Really, just make sure you play the robust training mode before you actually dive in, and you’ll be fine. That’s why it’s there!
Now, not everything about Zero is perfect: there is a reason you will eventually discover the size of the gap between this entry and Star Fox 64 on this list. The last boss fight against Andross is the only time where the control scheme is a bit of a problem, but it is a problem there. That has more to do with what the design of the battle is than the controls themselves, but still, it is not a point in the scheme’s favor, if that’s the kind of thing that comes out of it. It is just asking a whole lot of you, in a way that I don’t feel scales with the previous asks of the game. The other vehicles, too, are a bit of a mixed bag. The tank works well, especially with this new control setup, but most of the non-Arwing portions are inoffensive at best, and mostly make you wish you were still in an Arwing. If these sections were anywhere near as tight as the Arwing parts of the game, you wouldn’t see me writing about this game just yet.

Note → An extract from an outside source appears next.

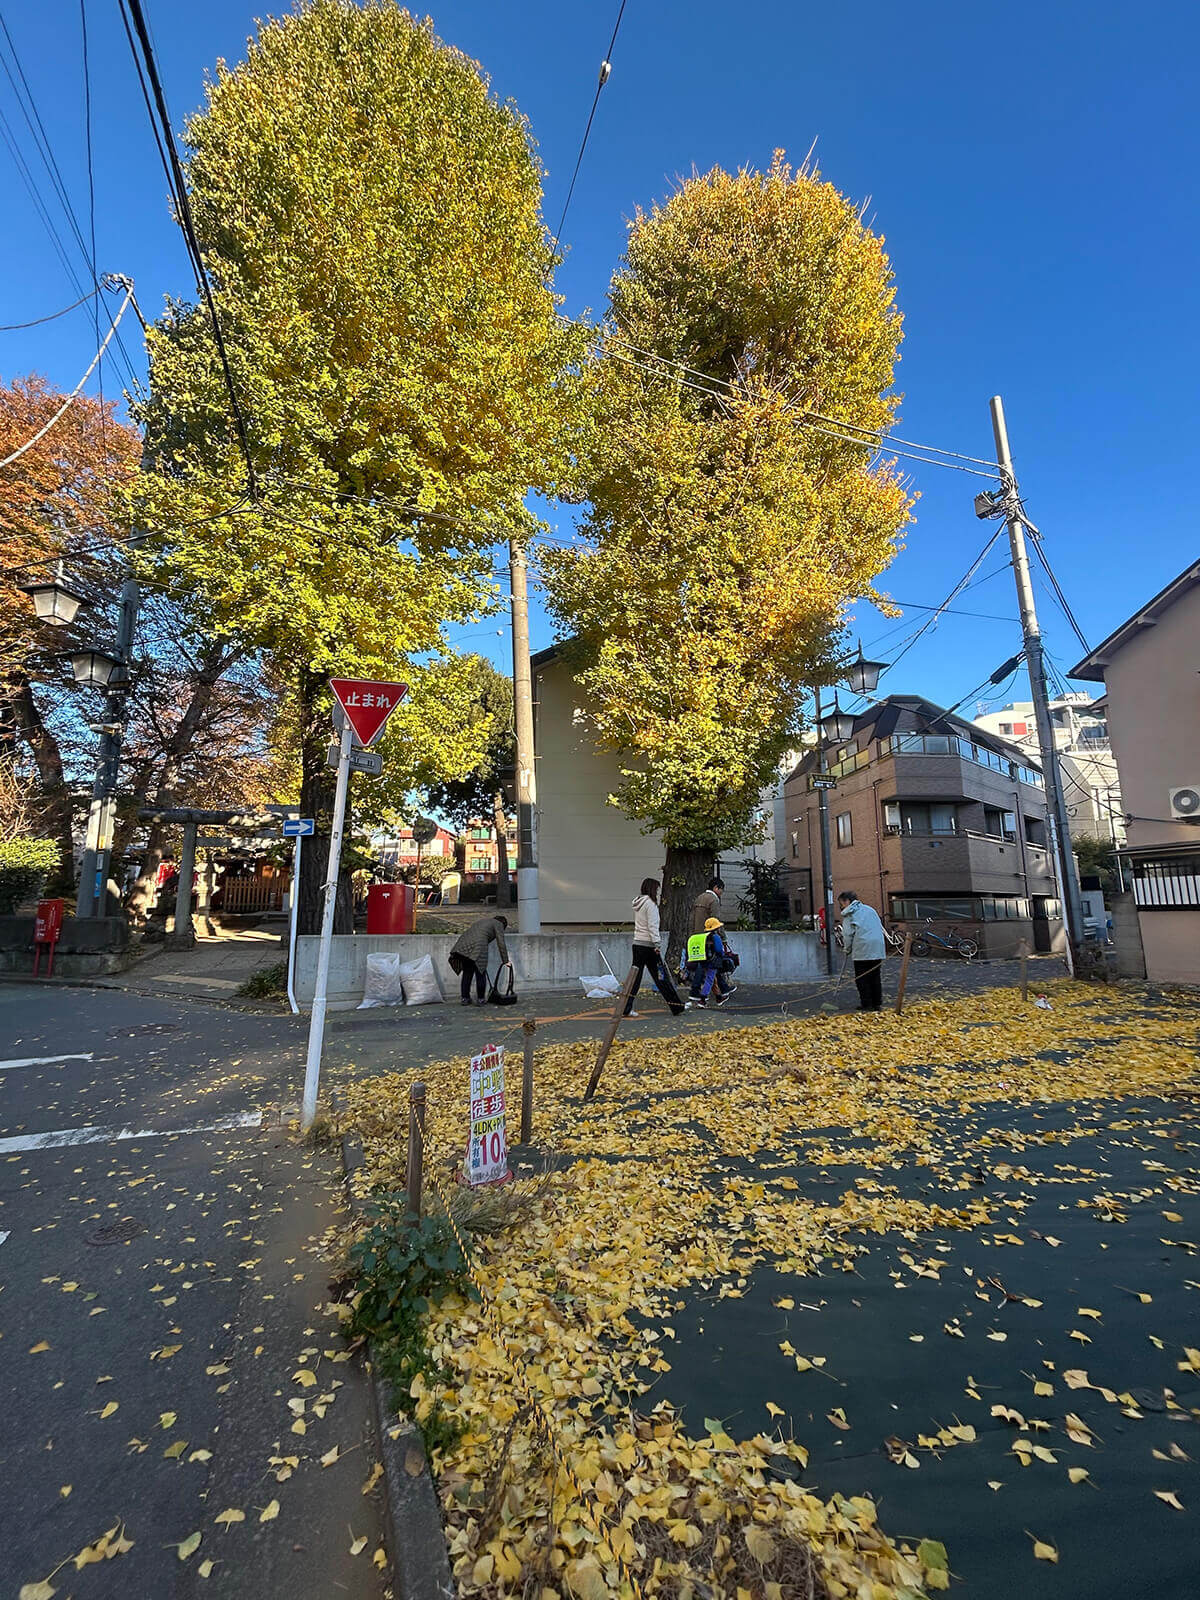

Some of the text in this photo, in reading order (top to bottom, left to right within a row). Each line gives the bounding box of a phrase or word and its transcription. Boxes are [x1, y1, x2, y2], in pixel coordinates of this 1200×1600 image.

Even with those faults, though, Zero is a worthwhile experience. The initial playthrough is a quick one, as per usual with the very arcade-y, let’s do better this time-style Star Fox, but you unlock additional worlds to visit for later runs, and the act of unlocking them is a whole lot of work on its own. There are also the medals to consider, which take the number of enemies you managed to defeat into consideration: you can get by in Star Fox Zero by avoiding a significant number of oncoming enemies, but where’s the fun in that? Start aiming, and for all of those hard-to-reach foes, too, and you’ll get top ranking on the stages.
Star Fox Zero is everything you loved about Star Fox before this game’s release, with twists only possible on the Wii U thanks to its dual-yet-separate-screen nature. It is what Nintendo and its fans have been searching for since Star Fox 64, which is to say, a Star Fox game that evokes that classic without actually being that classic. Maybe you didn’t give it enough time back in 2016, or maybe you gave it no time at all. You should rectify that mistake if you can, though, because Zero is as good as Star Fox has been in decades.